17.10. Rights of Third Parties. Nothing in this Agreement, express or implied, is intended to confer upon any party other than the
parties hereto or their respective permitted successors and assigns any 

 
rights, remedies, obligations, or liabilities under or by reason of this Agreement, except as expressly provided in this Agreement. 

17.11. Headings. The Section headings used herein are for convenience only and do not define, limit or construe the content of such
sections. All references in this Agreement to Section numbers refer to Sections of this Agreement, unless otherwise indicated. 

17.12. Agreement to Arbitrate. The Employee and the Company recognize that differences may arise between them during or following the
Employee’s employment with the Company, and that those differences may or may not be related to the grant of the Option herein or to the Employee’s employment. The Employee understands and agrees that by entering into this Agreement, the
Employee anticipates the benefits of a speedy, impartial dispute-resolution procedure of any such differences. As used in this Section 17.12 and its subparts, the “Company” shall also refer to all benefit plans, the benefit
plans’ sponsors, fiduciaries, administrators, affiliates, and all successors and assigns of any of them. 

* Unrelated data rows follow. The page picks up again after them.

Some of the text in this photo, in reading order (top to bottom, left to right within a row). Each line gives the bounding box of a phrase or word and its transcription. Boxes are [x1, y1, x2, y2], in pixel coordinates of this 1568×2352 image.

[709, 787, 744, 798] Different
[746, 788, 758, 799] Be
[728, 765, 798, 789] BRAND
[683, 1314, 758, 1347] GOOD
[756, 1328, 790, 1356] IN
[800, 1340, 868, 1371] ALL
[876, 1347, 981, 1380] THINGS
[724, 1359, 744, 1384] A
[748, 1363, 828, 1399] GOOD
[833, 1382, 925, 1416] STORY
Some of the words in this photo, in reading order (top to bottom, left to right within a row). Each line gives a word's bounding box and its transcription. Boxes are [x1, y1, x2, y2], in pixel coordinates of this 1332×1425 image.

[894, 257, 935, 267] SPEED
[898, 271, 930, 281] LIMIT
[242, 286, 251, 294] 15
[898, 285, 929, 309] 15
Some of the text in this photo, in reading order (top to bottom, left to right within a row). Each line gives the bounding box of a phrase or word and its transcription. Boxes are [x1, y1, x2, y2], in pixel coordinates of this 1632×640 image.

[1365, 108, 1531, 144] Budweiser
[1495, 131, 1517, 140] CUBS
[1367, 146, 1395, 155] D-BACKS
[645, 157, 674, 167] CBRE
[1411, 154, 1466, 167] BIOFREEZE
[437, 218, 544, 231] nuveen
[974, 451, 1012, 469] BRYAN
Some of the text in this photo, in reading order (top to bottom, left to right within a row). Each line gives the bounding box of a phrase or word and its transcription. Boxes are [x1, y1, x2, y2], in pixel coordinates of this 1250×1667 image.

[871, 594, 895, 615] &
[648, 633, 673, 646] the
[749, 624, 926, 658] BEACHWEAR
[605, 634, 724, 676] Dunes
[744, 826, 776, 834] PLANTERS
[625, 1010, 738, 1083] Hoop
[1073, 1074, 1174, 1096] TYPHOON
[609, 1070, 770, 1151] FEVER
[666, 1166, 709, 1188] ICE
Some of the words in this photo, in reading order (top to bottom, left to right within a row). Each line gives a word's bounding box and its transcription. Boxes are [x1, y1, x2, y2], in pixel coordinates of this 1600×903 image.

(a) Arbitrable Claims. (i) ALL DISPUTES BETWEEN THE EMPLOYEE (AND HIS OR HER PERMITTED SUCCESSORS AND ASSIGNS) AND
THE COMPANY (AND ITS AFFILIATES, STOCKHOLDERS, DIRECTORS, OFFICERS, AGENTS AND PERMITTED SUCCESSORS AND ASSIGNS) RELATING IN ANY MANNER WHATSOEVER TO EMPLOYEE’S EMPLOYMENT OR TO THE TERMINATION THEREOF, INCLUDING WITHOUT LIMITATION ALL DISPUTES
ARISING UNDER THIS AGREEMENT (COLLECTIVELY, “ARBITRABLE CLAIMS”), SHALL BE RESOLVED EXCLUSIVELY BY BINDING ARBITRATION. Arbitrable Claims shall include, but are not limited to, contract (express or implied) and tort claims of all kinds, as
well as all claims based on any federal, state, or local law, statute, or regulation (including but not limited to claims alleging unlawful harassment or discrimination in violation of Title VII and/or Title IX of the U.S. Code, of the Age
Discrimination in Employment Act, of the Americans with Disabilities Act, of state statute, or otherwise), excepting only claims under applicable workers’ compensation law and unemployment insurance claims. Arbitration shall be final and
binding upon the parties and shall be the exclusive remedy for all Arbitrable Claims. Except as provided in Section 17.12(a)(ii), the Arbitrator (as defined below) shall decide whether a claim is an Arbitrable Claim. THE PARTIES HEREBY WAIVE
ANY RIGHTS THAT THEY MAY HAVE TO TRIAL BY JURY IN REGARD TO ARBITRABLE CLAIMS. 
 (ii) NOTWITHSTANDING ANYTHING
HEREIN TO THE CONTRARY, THE COMPANY MAY ENFORCE IN COURT, WITHOUT PRIOR RESORT TO ARBITRATION, ANY CLAIM CONCERNING ACTUAL OR THREATENED UNFAIR COMPETITION AND/OR THE ACTUAL OR THREATENED USE AND/OR UNAUTHORIZED DISCLOSURE OF CONFIDENTIAL OR
PROPRIETARY INFORMATION OF THE COMPANY. The court shall determine whether a claim concerns actual or threatened unfair competition and/or the actual or threatened use and/or unauthorized disclosure of confidential or proprietary information of the
Company. 
 (b) Arbitration Procedure. 
 (i) American Arbitration Association Rules: Initiation of Arbitration: Location of Arbitration. Arbitration of Arbitrable Claims shall be in accordance with the Employment Dispute Resolution Rules of the
American Arbitration Association (“AAA Rules”), except as provided otherwise in this Agreement. Arbitration shall be initiated by providing written notice to the other party with a statement of the claim(s) asserted, the facts upon which
the claim(s) are based, and the remedy sought. This notice shall be provided to the other party within six (6) months of the acts or omissions complained of. Any claim not initiated within this limitations period shall be null and void, and the
Company and the Employee waive all rights under statutes of limitation of different duration. The arbitration shall take place in New York, New York. 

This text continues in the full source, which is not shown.